» Exercise prompt
Nothing in the entries should change; repeat them exactly.

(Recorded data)
----

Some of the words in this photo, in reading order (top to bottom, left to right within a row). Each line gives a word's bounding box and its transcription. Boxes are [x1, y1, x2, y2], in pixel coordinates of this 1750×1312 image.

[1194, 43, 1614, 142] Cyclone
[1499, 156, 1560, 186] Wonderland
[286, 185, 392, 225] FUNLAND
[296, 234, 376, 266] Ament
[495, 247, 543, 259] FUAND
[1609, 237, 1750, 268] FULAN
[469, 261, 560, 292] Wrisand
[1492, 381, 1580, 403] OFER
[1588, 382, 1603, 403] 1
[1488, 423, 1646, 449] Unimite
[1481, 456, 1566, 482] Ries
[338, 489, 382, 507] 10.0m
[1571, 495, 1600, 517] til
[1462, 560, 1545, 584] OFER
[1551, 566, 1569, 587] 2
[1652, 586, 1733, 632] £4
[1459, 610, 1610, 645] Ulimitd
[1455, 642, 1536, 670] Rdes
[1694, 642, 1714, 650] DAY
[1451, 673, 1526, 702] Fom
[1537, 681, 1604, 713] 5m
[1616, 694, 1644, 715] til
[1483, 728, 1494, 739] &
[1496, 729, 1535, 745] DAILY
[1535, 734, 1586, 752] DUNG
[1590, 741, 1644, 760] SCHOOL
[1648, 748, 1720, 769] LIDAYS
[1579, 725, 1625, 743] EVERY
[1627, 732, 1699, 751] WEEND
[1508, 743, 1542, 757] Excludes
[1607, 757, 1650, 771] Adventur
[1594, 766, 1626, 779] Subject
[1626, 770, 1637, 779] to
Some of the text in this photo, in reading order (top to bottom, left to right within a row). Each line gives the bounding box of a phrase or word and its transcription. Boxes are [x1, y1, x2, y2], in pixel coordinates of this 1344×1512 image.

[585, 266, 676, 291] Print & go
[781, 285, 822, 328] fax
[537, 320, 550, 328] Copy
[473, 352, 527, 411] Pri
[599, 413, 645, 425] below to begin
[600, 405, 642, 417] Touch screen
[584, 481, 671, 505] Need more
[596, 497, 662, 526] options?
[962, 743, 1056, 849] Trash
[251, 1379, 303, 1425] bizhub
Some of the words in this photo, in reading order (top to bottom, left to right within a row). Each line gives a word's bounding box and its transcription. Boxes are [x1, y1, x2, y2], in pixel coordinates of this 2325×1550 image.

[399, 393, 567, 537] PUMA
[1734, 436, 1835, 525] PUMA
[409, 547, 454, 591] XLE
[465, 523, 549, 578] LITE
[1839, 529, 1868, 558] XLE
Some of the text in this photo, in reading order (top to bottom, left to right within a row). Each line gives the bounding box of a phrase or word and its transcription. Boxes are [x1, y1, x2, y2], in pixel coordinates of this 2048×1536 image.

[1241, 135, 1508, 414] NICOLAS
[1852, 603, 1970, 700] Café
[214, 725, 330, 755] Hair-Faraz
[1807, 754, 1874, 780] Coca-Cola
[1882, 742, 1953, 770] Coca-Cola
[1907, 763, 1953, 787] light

----

» Output below
Some of the words in this photo, in reading order (top to bottom, left to right within a row). Each line gives a word's bounding box and its transcription. Boxes are [x1, y1, x2, y2], in pixel coordinates of this 1750×1312 image.

[1194, 43, 1614, 142] Cyclone
[1499, 156, 1560, 186] Wonderland
[286, 185, 392, 225] FUNLAND
[296, 234, 376, 266] Ament
[495, 247, 543, 259] FUAND
[1609, 237, 1750, 268] FULAN
[469, 261, 560, 292] Wrisand
[1492, 381, 1580, 403] OFER
[1588, 382, 1603, 403] 1
[1488, 423, 1646, 449] Unimite
[1481, 456, 1566, 482] Ries
[338, 489, 382, 507] 10.0m
[1571, 495, 1600, 517] til
[1462, 560, 1545, 584] OFER
[1551, 566, 1569, 587] 2
[1652, 586, 1733, 632] £4
[1459, 610, 1610, 645] Ulimitd
[1455, 642, 1536, 670] Rdes
[1694, 642, 1714, 650] DAY
[1451, 673, 1526, 702] Fom
[1537, 681, 1604, 713] 5m
[1616, 694, 1644, 715] til
[1483, 728, 1494, 739] &
[1496, 729, 1535, 745] DAILY
[1535, 734, 1586, 752] DUNG
[1590, 741, 1644, 760] SCHOOL
[1648, 748, 1720, 769] LIDAYS
[1579, 725, 1625, 743] EVERY
[1627, 732, 1699, 751] WEEND
[1508, 743, 1542, 757] Excludes
[1607, 757, 1650, 771] Adventur
[1594, 766, 1626, 779] Subject
[1626, 770, 1637, 779] to
Some of the text in this photo, in reading order (top to bottom, left to right within a row). Each line gives the bounding box of a phrase or word and its transcription. Boxes are [x1, y1, x2, y2], in pixel coordinates of this 1344×1512 image.

[585, 266, 676, 291] Print & go
[781, 285, 822, 328] fax
[537, 320, 550, 328] Copy
[473, 352, 527, 411] Pri
[599, 413, 645, 425] below to begin
[600, 405, 642, 417] Touch screen
[584, 481, 671, 505] Need more
[596, 497, 662, 526] options?
[962, 743, 1056, 849] Trash
[251, 1379, 303, 1425] bizhub
Some of the words in this photo, in reading order (top to bottom, left to right within a row). Each line gives a word's bounding box and its transcription. Boxes are [x1, y1, x2, y2], in pixel coordinates of this 2325×1550 image.

[399, 393, 567, 537] PUMA
[1734, 436, 1835, 525] PUMA
[409, 547, 454, 591] XLE
[465, 523, 549, 578] LITE
[1839, 529, 1868, 558] XLE
Some of the text in this photo, in reading order (top to bottom, left to right within a row). Each line gives the bounding box of a phrase or word and its transcription. Boxes are [x1, y1, x2, y2], in pixel coordinates of this 2048×1536 image.

[1241, 135, 1508, 414] NICOLAS
[1852, 603, 1970, 700] Café
[214, 725, 330, 755] Hair-Faraz
[1807, 754, 1874, 780] Coca-Cola
[1882, 742, 1953, 770] Coca-Cola
[1907, 763, 1953, 787] light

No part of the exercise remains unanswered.